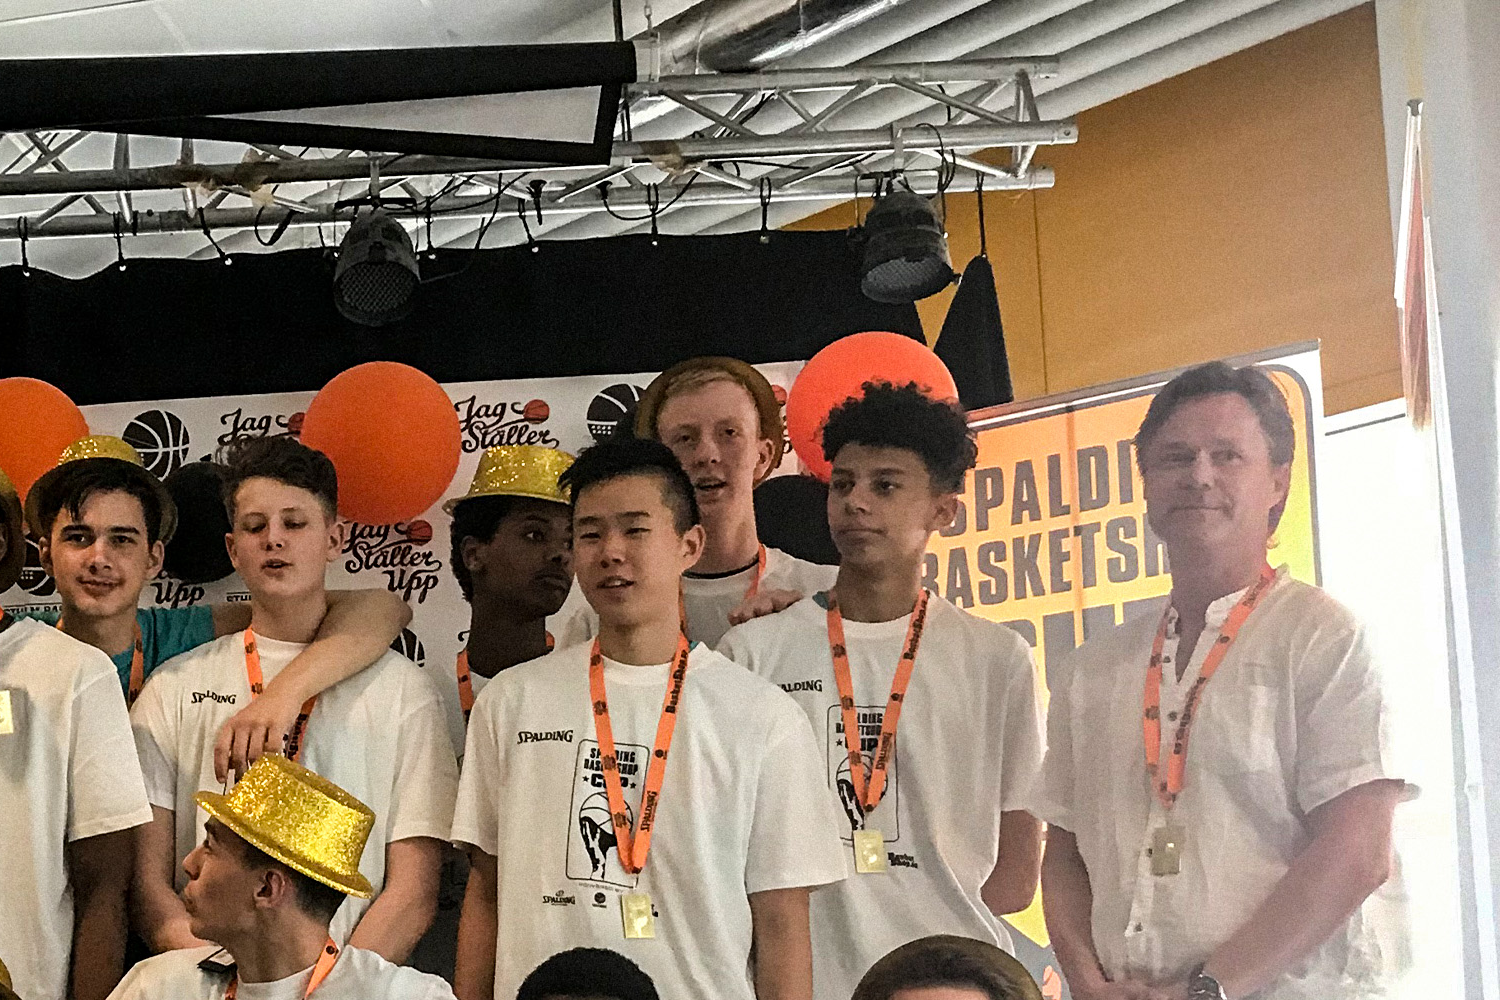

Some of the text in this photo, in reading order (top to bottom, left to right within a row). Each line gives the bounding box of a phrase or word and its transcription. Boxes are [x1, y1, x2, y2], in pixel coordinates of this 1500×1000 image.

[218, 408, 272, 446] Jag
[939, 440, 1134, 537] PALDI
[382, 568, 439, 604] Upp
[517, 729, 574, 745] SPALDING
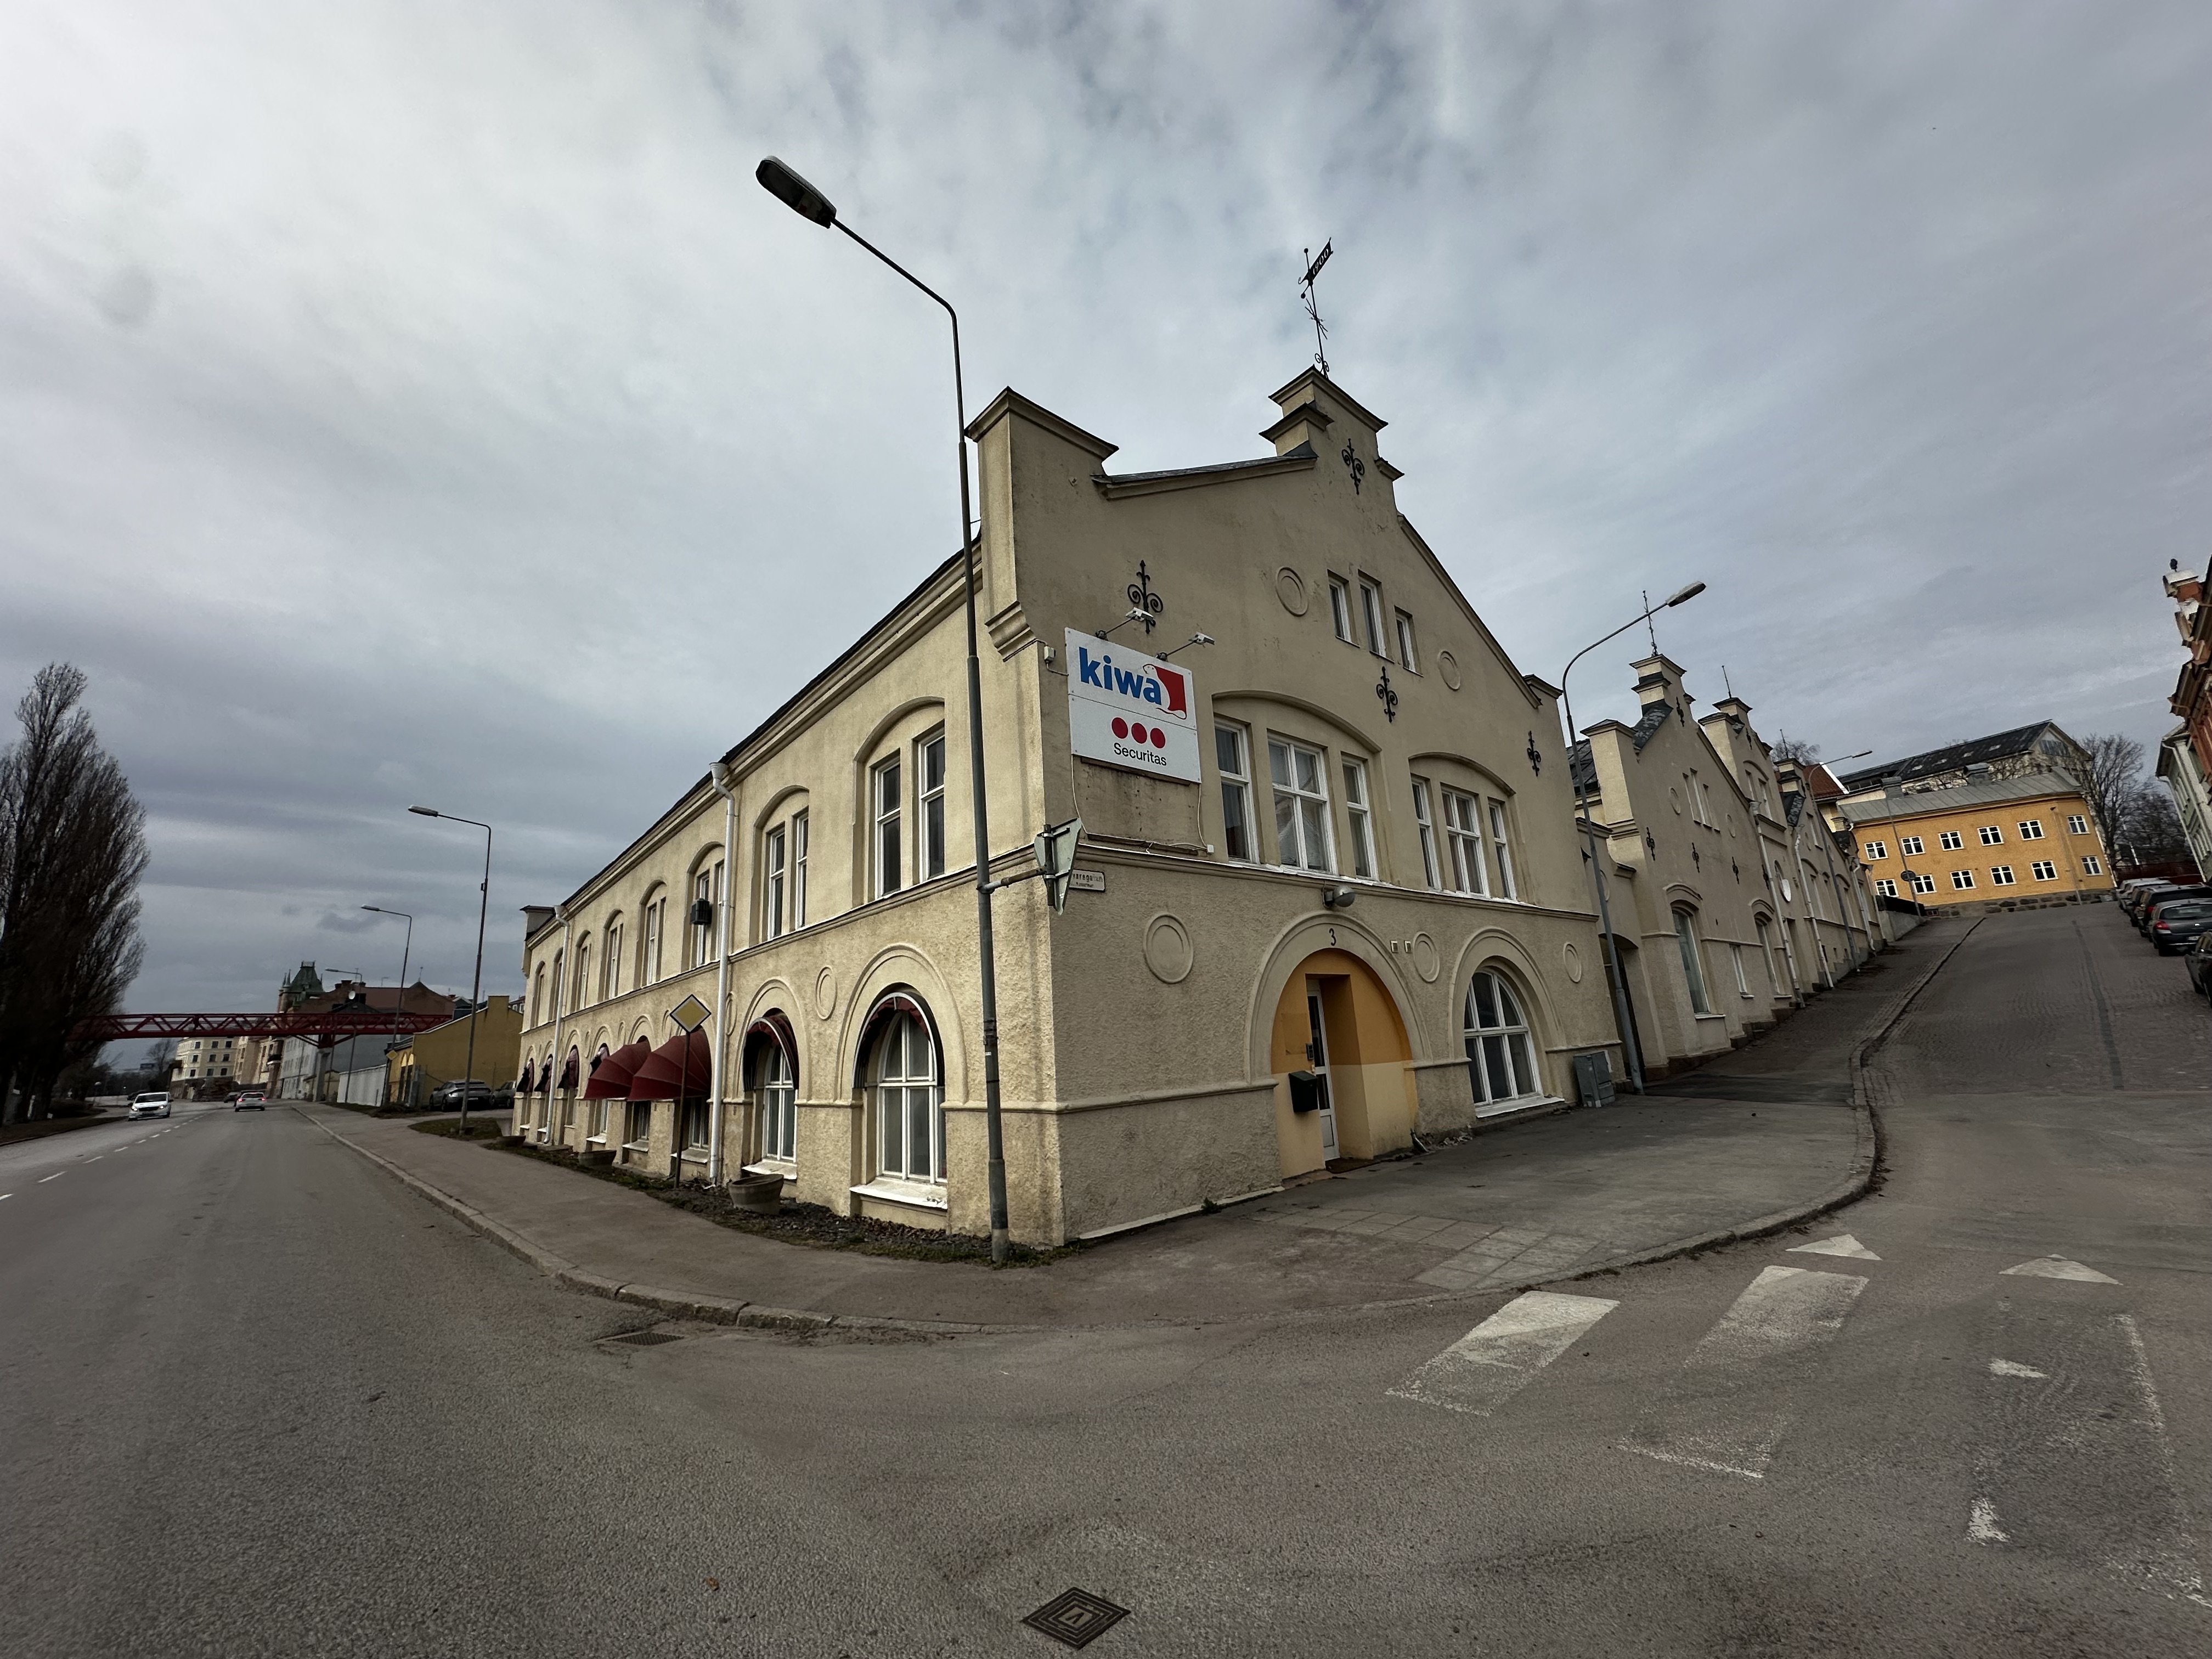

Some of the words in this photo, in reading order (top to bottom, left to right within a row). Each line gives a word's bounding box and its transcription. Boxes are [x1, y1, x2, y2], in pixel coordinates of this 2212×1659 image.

++++++++++

> Problem:
Each record above goes into the copy word for word; the pictures do not.

> Answer to the problem:
Some of the text in this photo, in reading order (top to bottom, left to right within a row). Each line gives the bounding box of a phrase or word and its transcription. Boxes are [x1, y1, x2, y2], in pixel coordinates of this 1500×1000 image.

[218, 408, 272, 446] Jag
[939, 440, 1134, 537] PALDI
[382, 568, 439, 604] Upp
[517, 729, 574, 745] SPALDING

Some of the words in this photo, in reading order (top to bottom, left to right within a row). Each line gives a word's bounding box and its transcription. Boxes are [x1, y1, x2, y2], in pixel coordinates of this 2212×1659 image.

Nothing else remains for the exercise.